• EXERCISE REQUIREMENTS: Print every entry exactly as written.

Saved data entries
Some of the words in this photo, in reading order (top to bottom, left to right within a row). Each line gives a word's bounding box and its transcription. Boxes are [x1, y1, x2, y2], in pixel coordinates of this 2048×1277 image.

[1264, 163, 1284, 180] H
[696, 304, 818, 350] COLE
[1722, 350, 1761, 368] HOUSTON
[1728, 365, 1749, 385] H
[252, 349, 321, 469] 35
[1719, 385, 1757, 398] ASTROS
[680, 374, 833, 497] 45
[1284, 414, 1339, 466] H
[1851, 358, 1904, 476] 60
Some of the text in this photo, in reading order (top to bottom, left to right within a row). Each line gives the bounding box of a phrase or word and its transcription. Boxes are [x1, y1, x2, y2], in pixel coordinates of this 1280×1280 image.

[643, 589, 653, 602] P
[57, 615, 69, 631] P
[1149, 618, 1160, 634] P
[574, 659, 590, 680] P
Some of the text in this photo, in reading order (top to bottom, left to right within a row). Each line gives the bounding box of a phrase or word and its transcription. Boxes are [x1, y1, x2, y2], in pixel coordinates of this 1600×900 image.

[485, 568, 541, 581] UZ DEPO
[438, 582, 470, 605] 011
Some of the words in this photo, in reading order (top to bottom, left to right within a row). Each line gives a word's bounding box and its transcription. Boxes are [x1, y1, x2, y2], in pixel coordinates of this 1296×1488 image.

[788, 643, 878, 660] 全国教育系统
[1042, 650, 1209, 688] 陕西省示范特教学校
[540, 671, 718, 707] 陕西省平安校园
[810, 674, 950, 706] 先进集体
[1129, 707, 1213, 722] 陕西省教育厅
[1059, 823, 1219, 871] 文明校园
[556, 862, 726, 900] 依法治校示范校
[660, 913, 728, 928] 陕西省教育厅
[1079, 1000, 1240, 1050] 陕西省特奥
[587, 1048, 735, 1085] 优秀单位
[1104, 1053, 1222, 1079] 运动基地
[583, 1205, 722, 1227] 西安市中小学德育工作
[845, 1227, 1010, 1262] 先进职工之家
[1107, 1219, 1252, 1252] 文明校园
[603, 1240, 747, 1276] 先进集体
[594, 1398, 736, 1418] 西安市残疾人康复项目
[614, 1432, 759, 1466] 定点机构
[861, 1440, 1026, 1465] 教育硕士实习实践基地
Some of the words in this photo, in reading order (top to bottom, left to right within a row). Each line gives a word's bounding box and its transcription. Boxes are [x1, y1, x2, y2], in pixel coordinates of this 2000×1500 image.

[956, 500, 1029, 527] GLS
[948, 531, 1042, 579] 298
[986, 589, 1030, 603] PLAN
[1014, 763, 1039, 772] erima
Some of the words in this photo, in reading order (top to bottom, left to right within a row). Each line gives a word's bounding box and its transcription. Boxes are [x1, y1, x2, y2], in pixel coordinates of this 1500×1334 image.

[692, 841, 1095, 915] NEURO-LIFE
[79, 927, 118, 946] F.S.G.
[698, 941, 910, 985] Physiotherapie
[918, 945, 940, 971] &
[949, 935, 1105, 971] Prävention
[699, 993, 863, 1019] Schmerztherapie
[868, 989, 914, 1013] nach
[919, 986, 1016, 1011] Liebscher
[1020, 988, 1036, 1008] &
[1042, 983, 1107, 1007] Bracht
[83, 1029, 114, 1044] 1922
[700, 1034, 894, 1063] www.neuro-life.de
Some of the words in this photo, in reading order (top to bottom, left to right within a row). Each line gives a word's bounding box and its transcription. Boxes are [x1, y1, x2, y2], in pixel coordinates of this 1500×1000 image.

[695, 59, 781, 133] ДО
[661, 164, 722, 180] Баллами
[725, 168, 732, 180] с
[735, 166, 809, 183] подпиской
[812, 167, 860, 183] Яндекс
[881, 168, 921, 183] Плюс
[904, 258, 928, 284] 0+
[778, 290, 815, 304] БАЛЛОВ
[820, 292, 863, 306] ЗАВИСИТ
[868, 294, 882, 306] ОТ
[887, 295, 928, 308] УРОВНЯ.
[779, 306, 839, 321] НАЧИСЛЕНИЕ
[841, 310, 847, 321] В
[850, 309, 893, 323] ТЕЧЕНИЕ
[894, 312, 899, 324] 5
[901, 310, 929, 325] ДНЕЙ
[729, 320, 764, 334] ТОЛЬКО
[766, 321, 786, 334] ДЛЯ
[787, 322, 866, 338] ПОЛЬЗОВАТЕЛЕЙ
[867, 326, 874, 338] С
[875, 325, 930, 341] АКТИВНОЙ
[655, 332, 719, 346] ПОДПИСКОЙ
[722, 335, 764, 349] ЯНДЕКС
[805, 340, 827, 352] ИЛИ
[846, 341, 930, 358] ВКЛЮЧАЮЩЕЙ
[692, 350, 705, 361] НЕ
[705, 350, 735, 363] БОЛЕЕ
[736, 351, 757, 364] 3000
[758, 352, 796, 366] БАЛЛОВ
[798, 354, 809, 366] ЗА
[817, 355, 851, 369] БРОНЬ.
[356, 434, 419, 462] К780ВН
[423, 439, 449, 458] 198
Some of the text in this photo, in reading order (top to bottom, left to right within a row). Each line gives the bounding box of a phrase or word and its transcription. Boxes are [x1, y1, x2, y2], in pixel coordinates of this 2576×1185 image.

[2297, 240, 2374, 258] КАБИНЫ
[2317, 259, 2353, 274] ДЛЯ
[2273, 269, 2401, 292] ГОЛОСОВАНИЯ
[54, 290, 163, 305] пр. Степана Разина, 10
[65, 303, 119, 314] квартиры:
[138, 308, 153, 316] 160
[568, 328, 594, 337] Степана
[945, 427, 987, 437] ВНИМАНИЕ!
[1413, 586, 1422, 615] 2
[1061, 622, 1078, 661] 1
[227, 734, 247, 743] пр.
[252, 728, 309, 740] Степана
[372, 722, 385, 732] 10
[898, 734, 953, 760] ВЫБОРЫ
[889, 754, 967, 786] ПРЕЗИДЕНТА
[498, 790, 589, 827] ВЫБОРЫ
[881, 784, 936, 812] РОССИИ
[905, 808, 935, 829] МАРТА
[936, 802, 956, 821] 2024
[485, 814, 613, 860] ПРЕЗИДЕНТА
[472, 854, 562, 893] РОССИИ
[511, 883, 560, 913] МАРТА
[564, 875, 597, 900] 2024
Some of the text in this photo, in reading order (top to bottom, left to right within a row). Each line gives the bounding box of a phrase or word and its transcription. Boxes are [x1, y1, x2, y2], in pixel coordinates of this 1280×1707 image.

• YOUR RESPONSE:
Some of the words in this photo, in reading order (top to bottom, left to right within a row). Each line gives a word's bounding box and its transcription. Boxes are [x1, y1, x2, y2], in pixel coordinates of this 2048×1277 image.

[1264, 163, 1284, 180] H
[696, 304, 818, 350] COLE
[1722, 350, 1761, 368] HOUSTON
[1728, 365, 1749, 385] H
[252, 349, 321, 469] 35
[1719, 385, 1757, 398] ASTROS
[680, 374, 833, 497] 45
[1284, 414, 1339, 466] H
[1851, 358, 1904, 476] 60
Some of the text in this photo, in reading order (top to bottom, left to right within a row). Each line gives the bounding box of a phrase or word and its transcription. Boxes are [x1, y1, x2, y2], in pixel coordinates of this 1280×1280 image.

[643, 589, 653, 602] P
[57, 615, 69, 631] P
[1149, 618, 1160, 634] P
[574, 659, 590, 680] P
Some of the text in this photo, in reading order (top to bottom, left to right within a row). Each line gives the bounding box of a phrase or word and its transcription. Boxes are [x1, y1, x2, y2], in pixel coordinates of this 1600×900 image.

[485, 568, 541, 581] UZ DEPO
[438, 582, 470, 605] 011
Some of the words in this photo, in reading order (top to bottom, left to right within a row). Each line gives a word's bounding box and its transcription. Boxes are [x1, y1, x2, y2], in pixel coordinates of this 1296×1488 image.

[788, 643, 878, 660] 全国教育系统
[1042, 650, 1209, 688] 陕西省示范特教学校
[540, 671, 718, 707] 陕西省平安校园
[810, 674, 950, 706] 先进集体
[1129, 707, 1213, 722] 陕西省教育厅
[1059, 823, 1219, 871] 文明校园
[556, 862, 726, 900] 依法治校示范校
[660, 913, 728, 928] 陕西省教育厅
[1079, 1000, 1240, 1050] 陕西省特奥
[587, 1048, 735, 1085] 优秀单位
[1104, 1053, 1222, 1079] 运动基地
[583, 1205, 722, 1227] 西安市中小学德育工作
[845, 1227, 1010, 1262] 先进职工之家
[1107, 1219, 1252, 1252] 文明校园
[603, 1240, 747, 1276] 先进集体
[594, 1398, 736, 1418] 西安市残疾人康复项目
[614, 1432, 759, 1466] 定点机构
[861, 1440, 1026, 1465] 教育硕士实习实践基地
Some of the words in this photo, in reading order (top to bottom, left to right within a row). Each line gives a word's bounding box and its transcription. Boxes are [x1, y1, x2, y2], in pixel coordinates of this 2000×1500 image.

[956, 500, 1029, 527] GLS
[948, 531, 1042, 579] 298
[986, 589, 1030, 603] PLAN
[1014, 763, 1039, 772] erima
Some of the words in this photo, in reading order (top to bottom, left to right within a row). Each line gives a word's bounding box and its transcription. Boxes are [x1, y1, x2, y2], in pixel coordinates of this 1500×1334 image.

[692, 841, 1095, 915] NEURO-LIFE
[79, 927, 118, 946] F.S.G.
[698, 941, 910, 985] Physiotherapie
[918, 945, 940, 971] &
[949, 935, 1105, 971] Prävention
[699, 993, 863, 1019] Schmerztherapie
[868, 989, 914, 1013] nach
[919, 986, 1016, 1011] Liebscher
[1020, 988, 1036, 1008] &
[1042, 983, 1107, 1007] Bracht
[83, 1029, 114, 1044] 1922
[700, 1034, 894, 1063] www.neuro-life.de
Some of the words in this photo, in reading order (top to bottom, left to right within a row). Each line gives a word's bounding box and its transcription. Boxes are [x1, y1, x2, y2], in pixel coordinates of this 1500×1000 image.

[695, 59, 781, 133] ДО
[661, 164, 722, 180] Баллами
[725, 168, 732, 180] с
[735, 166, 809, 183] подпиской
[812, 167, 860, 183] Яндекс
[881, 168, 921, 183] Плюс
[904, 258, 928, 284] 0+
[778, 290, 815, 304] БАЛЛОВ
[820, 292, 863, 306] ЗАВИСИТ
[868, 294, 882, 306] ОТ
[887, 295, 928, 308] УРОВНЯ.
[779, 306, 839, 321] НАЧИСЛЕНИЕ
[841, 310, 847, 321] В
[850, 309, 893, 323] ТЕЧЕНИЕ
[894, 312, 899, 324] 5
[901, 310, 929, 325] ДНЕЙ
[729, 320, 764, 334] ТОЛЬКО
[766, 321, 786, 334] ДЛЯ
[787, 322, 866, 338] ПОЛЬЗОВАТЕЛЕЙ
[867, 326, 874, 338] С
[875, 325, 930, 341] АКТИВНОЙ
[655, 332, 719, 346] ПОДПИСКОЙ
[722, 335, 764, 349] ЯНДЕКС
[805, 340, 827, 352] ИЛИ
[846, 341, 930, 358] ВКЛЮЧАЮЩЕЙ
[692, 350, 705, 361] НЕ
[705, 350, 735, 363] БОЛЕЕ
[736, 351, 757, 364] 3000
[758, 352, 796, 366] БАЛЛОВ
[798, 354, 809, 366] ЗА
[817, 355, 851, 369] БРОНЬ.
[356, 434, 419, 462] К780ВН
[423, 439, 449, 458] 198
Some of the text in this photo, in reading order (top to bottom, left to right within a row). Each line gives the bounding box of a phrase or word and its transcription. Boxes are [x1, y1, x2, y2], in pixel coordinates of this 2576×1185 image.

[2297, 240, 2374, 258] КАБИНЫ
[2317, 259, 2353, 274] ДЛЯ
[2273, 269, 2401, 292] ГОЛОСОВАНИЯ
[54, 290, 163, 305] пр. Степана Разина, 10
[65, 303, 119, 314] квартиры:
[138, 308, 153, 316] 160
[568, 328, 594, 337] Степана
[945, 427, 987, 437] ВНИМАНИЕ!
[1413, 586, 1422, 615] 2
[1061, 622, 1078, 661] 1
[227, 734, 247, 743] пр.
[252, 728, 309, 740] Степана
[372, 722, 385, 732] 10
[898, 734, 953, 760] ВЫБОРЫ
[889, 754, 967, 786] ПРЕЗИДЕНТА
[498, 790, 589, 827] ВЫБОРЫ
[881, 784, 936, 812] РОССИИ
[905, 808, 935, 829] МАРТА
[936, 802, 956, 821] 2024
[485, 814, 613, 860] ПРЕЗИДЕНТА
[472, 854, 562, 893] РОССИИ
[511, 883, 560, 913] МАРТА
[564, 875, 597, 900] 2024
Some of the text in this photo, in reading order (top to bottom, left to right within a row). Each line gives the bounding box of a phrase or word and its transcription. Boxes are [x1, y1, x2, y2], in pixel coordinates of this 1280×1707 image.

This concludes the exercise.